------ Extracted records
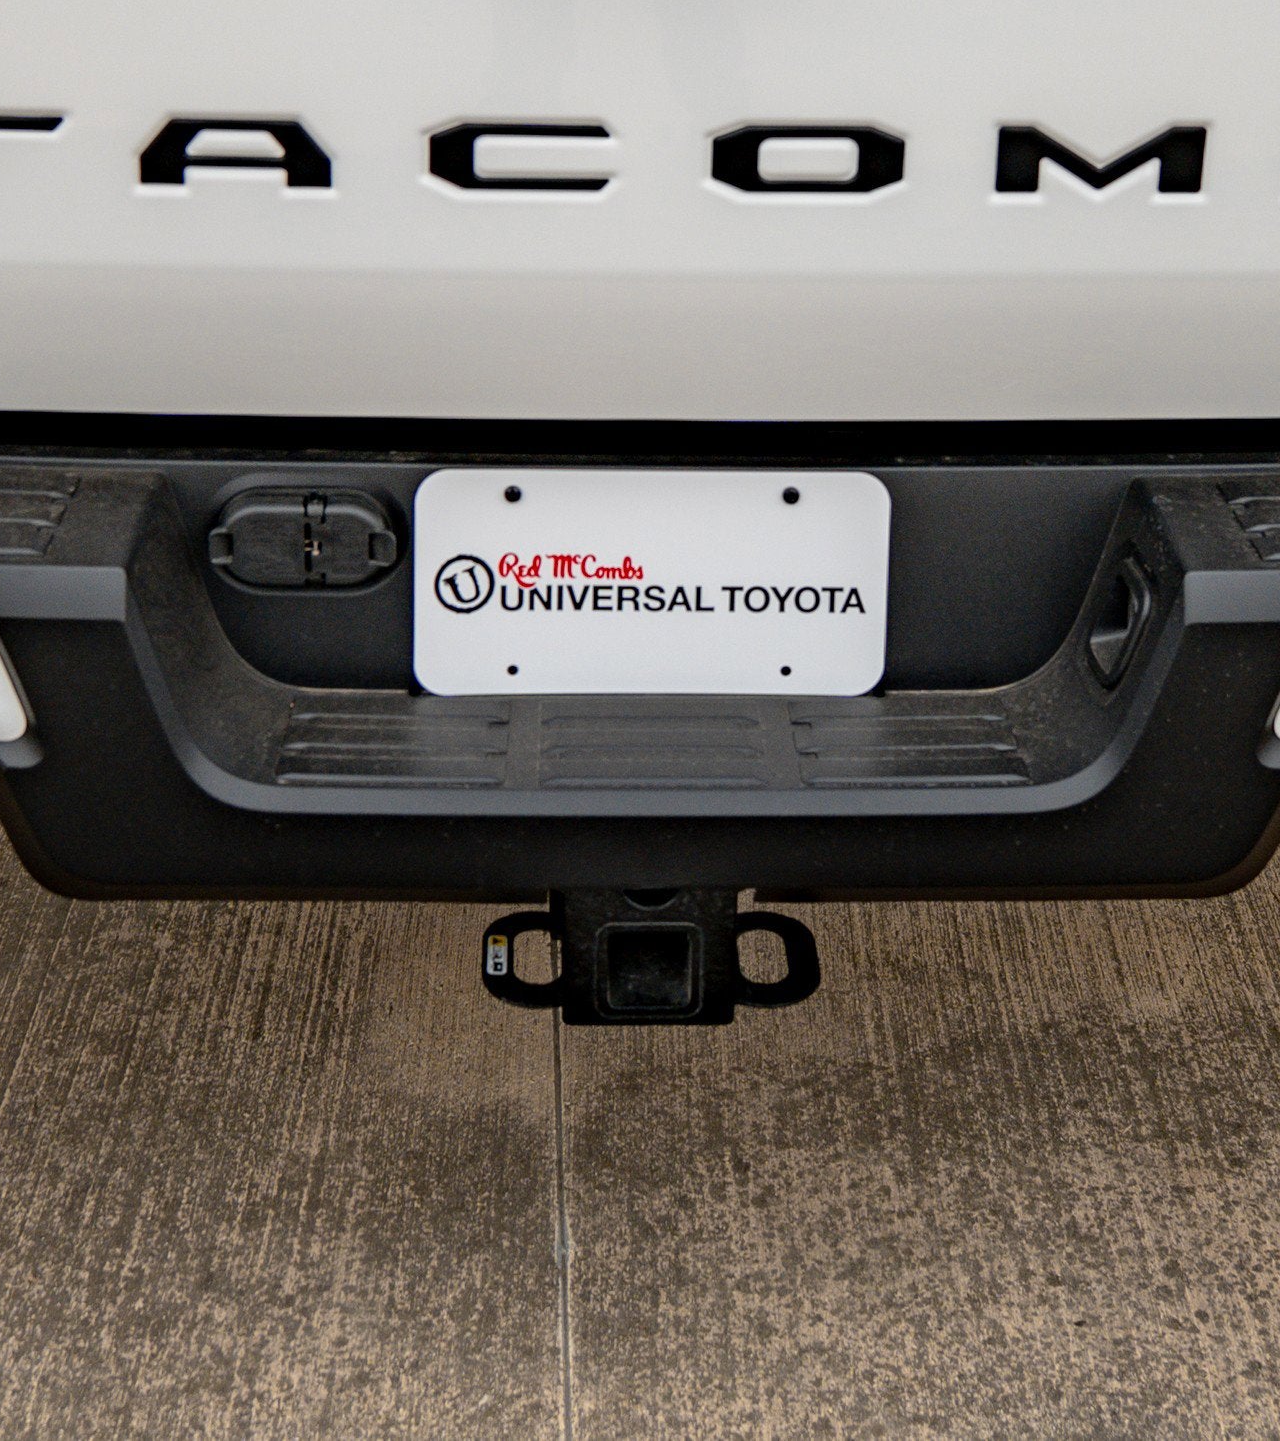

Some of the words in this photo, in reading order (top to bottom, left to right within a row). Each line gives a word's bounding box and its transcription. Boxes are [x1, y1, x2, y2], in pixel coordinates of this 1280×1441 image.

[498, 552, 542, 588] Red
[499, 584, 715, 612] UNIVERSAL
[722, 585, 866, 614] TOYOTA
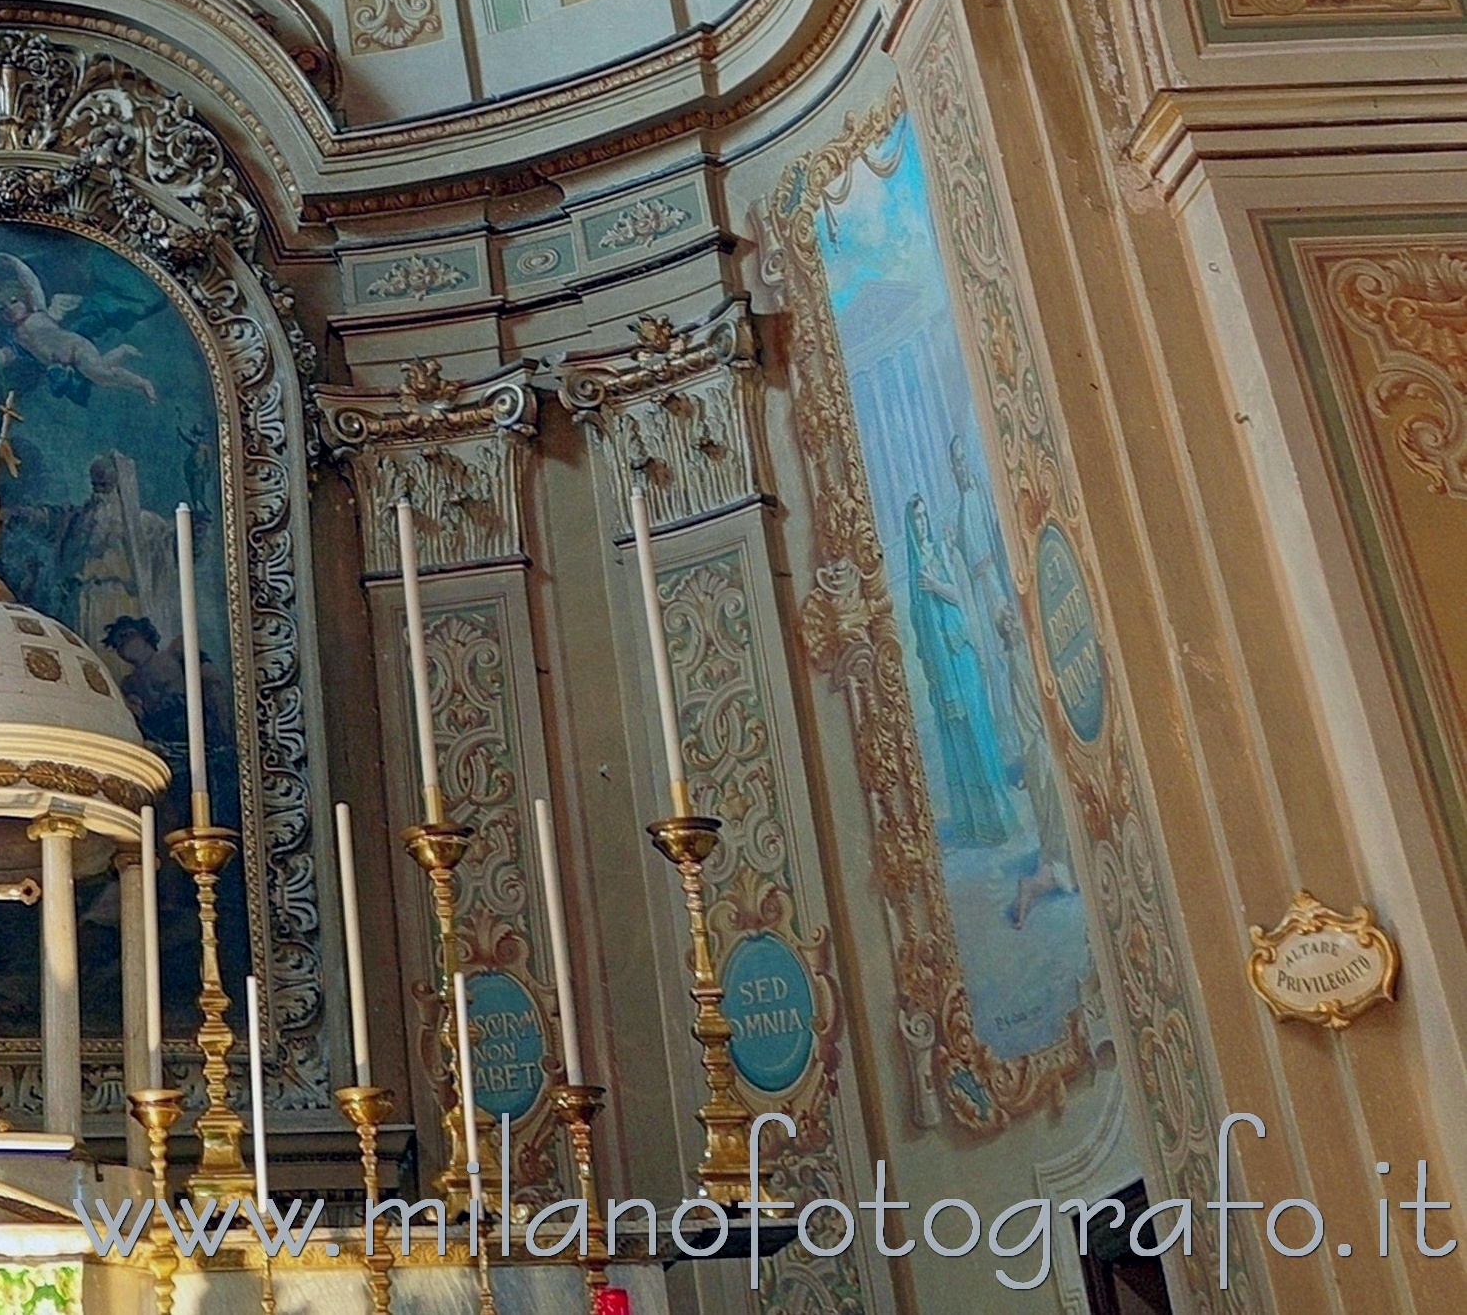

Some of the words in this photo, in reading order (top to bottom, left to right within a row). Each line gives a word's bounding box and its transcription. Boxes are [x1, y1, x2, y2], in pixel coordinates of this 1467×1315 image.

[1285, 941, 1341, 968] ALTARE
[1276, 955, 1371, 994] PRIVILEGIATO
[739, 975, 789, 1006] SED
[472, 1041, 518, 1063] NON
[472, 1062, 536, 1093] ABET
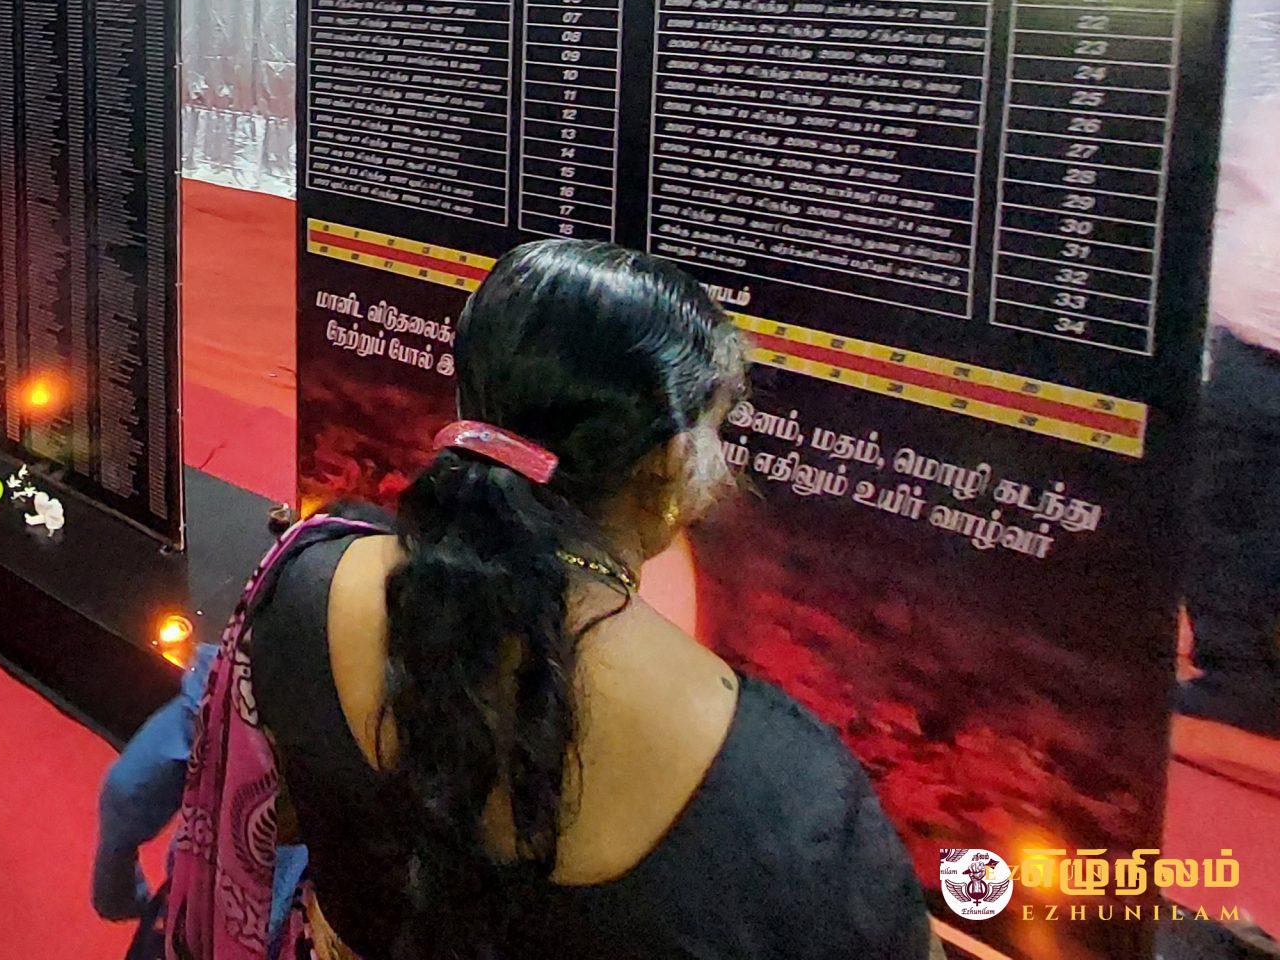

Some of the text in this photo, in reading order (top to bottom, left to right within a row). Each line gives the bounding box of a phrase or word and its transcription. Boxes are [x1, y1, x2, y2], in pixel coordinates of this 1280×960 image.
------------
Instructions to follow
Copy the listing above in full and exactly, but omit each picture that it holds.

Completed exercise
Some of the words in this photo, in reading order (top to bottom, left to right within a row). Each line gives a word's bounding box and its transcription. Boxes are [x1, y1, x2, y2], in pixel coordinates of this 1280×1441 image.

[498, 552, 542, 588] Red
[499, 584, 715, 612] UNIVERSAL
[722, 585, 866, 614] TOYOTA

Some of the words in this photo, in reading order (top to bottom, left to right within a row). Each line gives a word's bounding box and its transcription. Boxes are [x1, y1, x2, y2], in pixel coordinates of this 1467×1315 image.

[1285, 941, 1341, 968] ALTARE
[1276, 955, 1371, 994] PRIVILEGIATO
[739, 975, 789, 1006] SED
[472, 1041, 518, 1063] NON
[472, 1062, 536, 1093] ABET

Some of the text in this photo, in reading order (top to bottom, left to right within a row). Each line gives the bounding box of a phrase or word and its transcription. Boxes are [x1, y1, x2, y2], in pixel coordinates of this 1280×960 image.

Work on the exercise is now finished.